Lebih unik lagi disamping Candi cangkuang terdapat sebuah pemukiman yang dinamakan dengan Kampung Pulo. Sebuah kampung kecil yang terdiri dari enam buah rumah dan kepala keluarga. Ketentuan ini harus ditepati, dan sudah merupakan ketentuan adat kalau jumlah rumah dan kepala keluarga itu harus enam. Oleh karena itu bagi Kampung Pulo Desa Cangkuang sukar atau relatif lama untuk berkembang, baik rumahnya atau penduduknya dari keenam kepala keluarga tersebut. Sebagian besar dari penduduk Kampung Pulo tersebut bermata pencaharian petani dengan tanah sendiri, dan sebagian lagi sebagai petani penggarap tanah orang lain. Penduduk yang menempati kampung ini merupakan penduduk keturunan ke tujuh dari Eyang Dalem Arif Muhammad. Karena uniknta tempat ini, baik dari sejarah maupun lokasinya, membuat daya tarik tersendiri buat wisatawan baik domestik maupun luar negeri untuk mengunjungi tempat ini. Menurut petugas, "tiap hari selalu ada wisatawan asing yang berkunjung kesisni, belum lagi diakhir minggu biasanya banyak dikunjungi oleh anak-anak sekolah untuk memperdalam pengetahuan sejarah. Namun begitu, faktor kebersihan dan keindahan nampaknya kurang mendapat perhatian serius dari Dinas Pariwisata yang mengelola tempat ini. Selain itu fasilitas MCK juga kurang memadai, sehingga ke depan agar tempat ini tetap menarik buat para wisatawan, pihak-pihak terkait harus memperbaiki dan melengkapi fasilitas-fasilitas yang ada.
Berdasarkan sejarah, Candi Cangkuang merupakan bangunan suci berkonsep Hindu pada abad ke-7 dan 8 Masehi. Dibangun, tepat di tengah Situ Cangkuang, Garut, Jawa barat. Terdapat nilai ritual pada candi tersebut sebagai bentuk kedekatan budaya masyarakat Sunda dengan agama Hindu sejak zaman Kerajaan Taruma Negara. Hal itu terlihat dari kebiasaan perayaan hari-hari ritual setelah kematian dan penyembahan nenek moyang (Mangle, 28 Agustus 2003).
Hingga saat ini, sikap hormat pada roh nenek moyang masih dianggap menyelamatkan tradisi adat. Perpaduan antara Hinduisme dan nilai kultural yang khas dari masyarakat Sunda dikenal sebagai kepercayaan Jati Sunda atau kepercayaan sinkretis; sebuah konsep berkeyakinan yang menghubungkan arwah-leluhur, agama Hindu, dan Buddha demi menciptakan keteraturan hidup mereka.
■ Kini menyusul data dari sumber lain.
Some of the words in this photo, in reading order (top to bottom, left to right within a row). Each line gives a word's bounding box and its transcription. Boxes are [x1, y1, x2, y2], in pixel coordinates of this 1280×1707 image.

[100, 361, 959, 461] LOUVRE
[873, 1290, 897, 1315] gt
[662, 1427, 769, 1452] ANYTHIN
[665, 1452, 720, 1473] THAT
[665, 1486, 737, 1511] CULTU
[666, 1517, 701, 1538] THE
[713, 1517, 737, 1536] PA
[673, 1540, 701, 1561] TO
Jati Sunda bukan sekadar pertautan kultur dan agama. Bahkan bagi masyarakat adat Kampung Pulo yang dekat dengan Candi Cangkuang, Jati Sunda merupakan oase kultural. Untuk keselamatan bersama, masyarakat adat memahami budaya dengan kekuatan magis-spritual. Bagaimana candi itu disakralkan terlihat dari konsistensi masyarakat pada norma adat.

Bagi mereka, benda budaya atau peninggalan sejarah mengandung kekuatan supranatural yang pada gilirannya menjadi pusat hidup. Atas dasar pandangan itu, bangunan Candi Cangkuang dipercaya mengandung roh leluhur. Maka menghormatinya merupakan perilaku adat paling mulia.
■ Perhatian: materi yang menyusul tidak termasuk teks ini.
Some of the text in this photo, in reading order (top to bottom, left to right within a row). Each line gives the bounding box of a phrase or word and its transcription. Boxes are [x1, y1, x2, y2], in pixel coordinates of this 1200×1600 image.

Pandangan demikian tidak pernah lekang oleh waktu. Bahkan telah membangun konstruksi budaya yang lahir dari pertautan roh dan tradisi. Pada dasarnya, memang sebuah magis-spritual dan terkadang cerita mitos. Tetapi terlampau kuat memengaruhi pergulatan hidup manusia. Seakan masa depan peradaban bergantung padanya.

Setelah Kampung Pulo mulai mengakrabi Islam, keyakinan Jati Sunda tetap dianggap bagian penting kesadaran adat. Penghormatan terhadap Candi Cangkuang tidak pernah tergantikan. Budaya terpelihara sebagai ruang bersama tanpa ada konflik, perbedaan maupun keresahan sosial.

Sekalipun Islam telah menjadi agama adat Kampung Pulo, kebiasaan merayakan ritual setelah kematian dan memberikan kemenyan atau bunga-bungaan untuk tujuan mendekatkan diri kepada roh leluhur masih lestari sehingga harmoni yang lahir dari keseimbangan sosial senantiasa menyifati sistem adat.

Persis di sisi selatan Candi Cangkuang, berdiri tegak nisan makan Arif Muhamad, tokoh Islam pertama Kampung Pulo. Saling bersebelahan tanpa satu pun mengalami kepunahan. Dalam suasana bersama, ada kejujuran tidak terbantahkan. Yaitu, perihal keterbukaan saat terjadi pergulatan identitas atau perbedaan.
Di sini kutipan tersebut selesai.